Vivimos y padecemos una compleja situación de crisis económica, al igual que les sucede a otros países europeos, fulgurantes tan solo por su desarrollo económico artificial, fruto de un inconsecuente proteccionismo oficial, en los cuales las prácticas abusivas perturbadoras del mercado también se han internacionalizado, aunque con las peculiaridades propias de una sociedad alarmada por una riada que ha hecho aflorar la evidencia de otras crisis soterradas. Cuando en las sociedades capitalistas, ancladas y sostenidas por la posesión de riquezas y el relativismo económico, se resquebraja su eje dominante, surgen la intranquilidad social o el pánico individual, lo que se traduce en la desconfianza sobre gobernantes e instituciones. La cascada de miserias que provoca la ausencia de recursos primarios modifica el desarrollo vital de sus miembros y se descubre que los principios morales y valores éticos, que como contrapeso deberían igualmente ser parte sólida de la conformación de esa sociedad, desaparecieron hace tiempo bajo intereses especulativos, y su falta convierte la crisis económica en una crisis existencial para millones de personas.

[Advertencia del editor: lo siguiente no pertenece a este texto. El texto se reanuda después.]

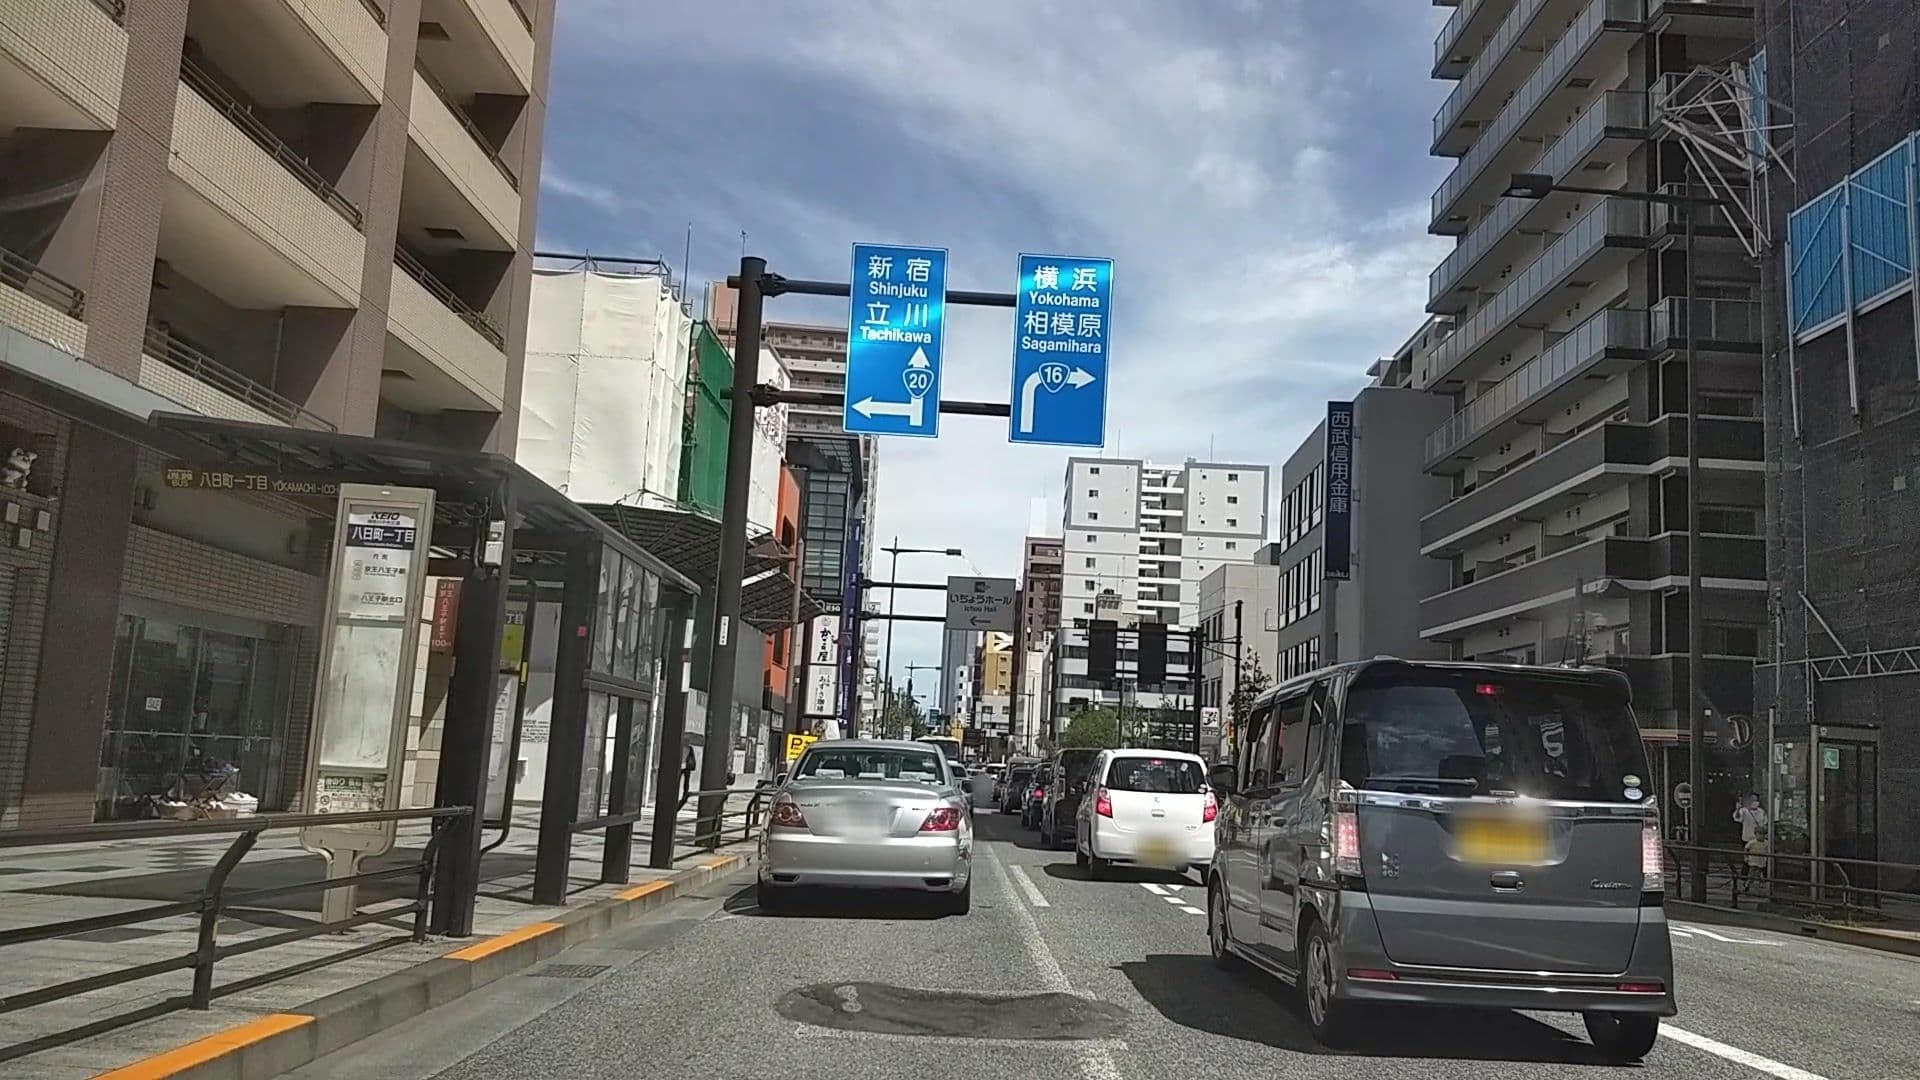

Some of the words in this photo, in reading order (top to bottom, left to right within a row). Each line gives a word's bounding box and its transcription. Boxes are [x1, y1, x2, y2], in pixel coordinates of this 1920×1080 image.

[867, 255, 931, 283] 新宿
[1033, 265, 1097, 292] 横浜
[869, 282, 928, 298] Shinjuku
[1029, 292, 1099, 308] Yokohama
[865, 301, 929, 327] 立川
[1024, 310, 1102, 338] 相模原
[860, 326, 931, 343] Tachikawa
[1021, 336, 1101, 354] Sagamihara
[909, 374, 927, 389] 20
[1044, 366, 1062, 383] 16
[1329, 411, 1350, 514] 西武信用金庫
[200, 472, 268, 490] 八日町一丁目
[371, 511, 400, 520] KEIO
[352, 527, 414, 543] 八日町一丁目
[950, 593, 1012, 606] いちょうホール
[791, 737, 803, 750] P

Los gobernantes, y adyacentes, han instalado a nuestra la sociedad en una plataforma giratoria fundamentada en el relativismo materialista, y cuando, como ahora sucede, las hipotecas se desbordan y las promesas resultan un cúmulo de engaños sobrevenidos, los ciudadanos se plantean otras crisis subyacentes, emergen la desconfianza, la incredulidad y las dudas sobre el sistema político de convivencia y las instituciones constitucionales, que deben ser, en su origen y desarrollo, referencia de dignidad y eficacia pública. Para que los ciudadanos crean en la democracia es preciso que esta se refleje en las propias instituciones, en su necesidad y utilidad social y en el comportamiento de quienes están encargados de que cumplan correcta y adecuadamente sus cometidos. Caso contrario, difícilmente puede exigirse que sean respetadas por muy bien que vengan diseñadas en la Constitución. Si la división de poderes, piedra angular de un Estado de Derecho para evitar aberrantes modos de gobernar, no se refleja en la actuación de las instituciones, es urgente clamar por su regeneración democrática, a fin de evitar la podredumbre del sistema, la instalación del salvajismo social como modo de coexistencia y del relativismo moral como norma.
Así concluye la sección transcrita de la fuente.